Sie kann erst vollständig siegen, wenn sie sich auch in den Köpfen ehemaliger Linker durchsetzt. Der Taz-Kommentator Stefan Reinecke, der vor Jahren auch mal für die Vorläuferzeitungen des Freitag arbeitete, hat mit seinen Kommentar Geistiges Kleingärntertum (https://taz.de/30-Jahre-Mauerfall/!5635405/) dafür ein Beispiel gegeben. Es ist ein Lamento darüber, dass sich die Westlinke der Konterrevolution gegen die DDR-Linke nicht früher und nachhaltiger angeschlossen haben:

"Die westdeutsche Linke versammelte komplett: moralisch, analytisch und politisch. Moralisch gab es keine Rechtfertigung dafür, dem DDR-Volk, das sich gerade befreit hatte, vorzuschreiben, in welchem Staat es zu leben hatte. Warum sollte Selbstbestimmung in Tibet und der Westsahara gelten, aber nicht zwischen Rostock und Görlitz? Zudem hatte die DDR laut Grundgesetz-Artikel 23 misslicherweise das Recht, der Bundesrepublik beizutreten."

Stefan Reinecke, Taz

Allein, dass sich Reinecke auf den revanchistischen Grundgesetz-Artikel 23 beruft, den viele Linke vor 1989 mit Recht bekämpften, zeigt, dass es hier nur darum geht, dass die Linke nicht schon vor mehr als 30 Jahren die nationale Karte gezogen hat.

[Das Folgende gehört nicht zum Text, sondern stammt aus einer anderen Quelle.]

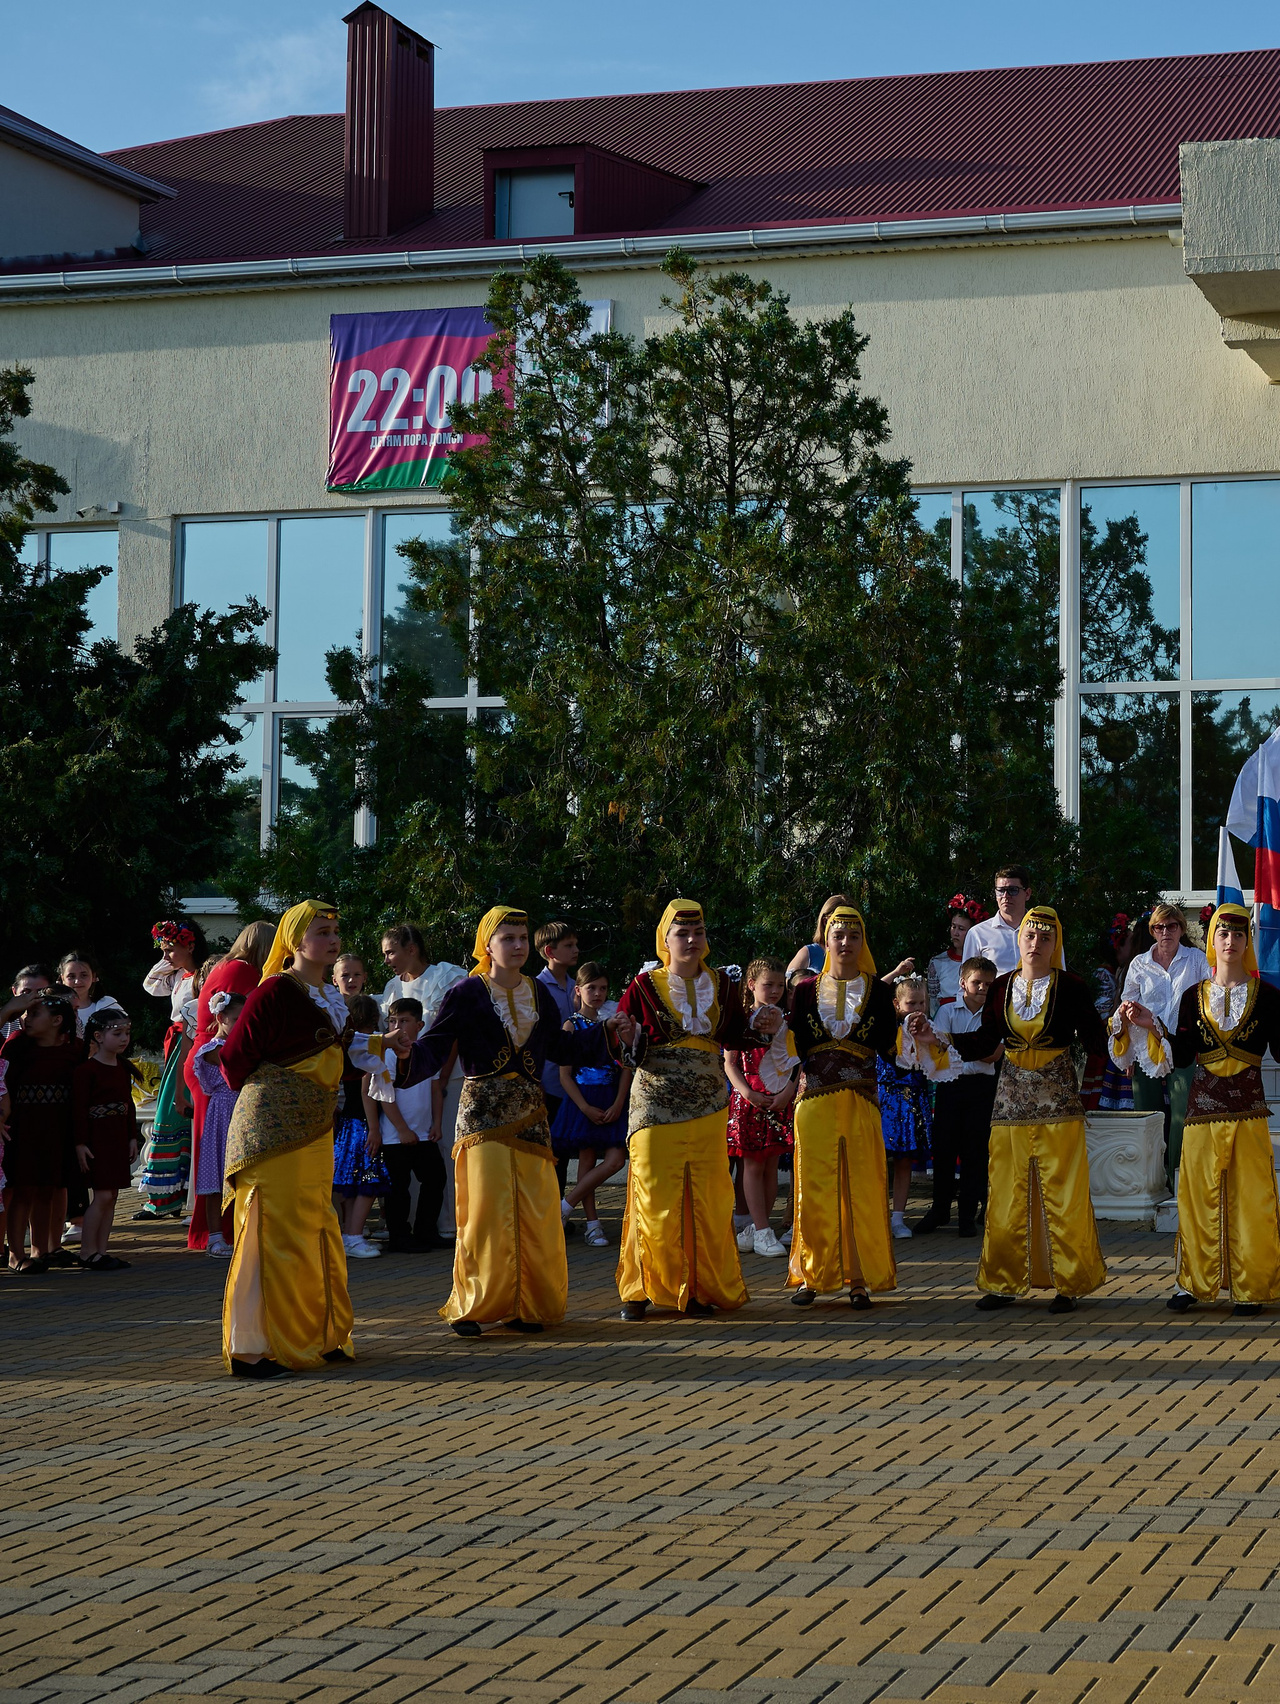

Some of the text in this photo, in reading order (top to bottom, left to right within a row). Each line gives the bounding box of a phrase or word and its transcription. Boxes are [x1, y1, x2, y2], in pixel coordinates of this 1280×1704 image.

[347, 365, 493, 432] 22:00
[370, 435, 401, 450] ДЕТЯМ
[403, 434, 428, 447] ПОРА

Reinecke wiederholt hier nur, was die FAZ, Bild und Co. schon immer behaupteten:

„Nach dem 9. November zeigte sich das geistige Kleingärtnertum der politischen Linken. Sie war fasziniert von Revolten gegen Autokraten – in dem Moment, in dem eine Revolution vor ihrer Haustür passierte, war sie schnell irgendwie beleidigt. Eine Epoche ging zu Ende. Die radikale Linke nahm übel, weil die Ossis genau das wollten, was sie ablehnte: Parlamentarismus und Kapitalismus.“

Stefan Reinecke, Taz

Das Gerede von den Ossis, die eigentlich den Kapitalismus wollten, unterschlägt eben, wie sie nach dem 4. November durch die Allianz für Deutschland auf die nationale Linie gebracht wurde. Rechte aller Couleur waren Bündnispartner.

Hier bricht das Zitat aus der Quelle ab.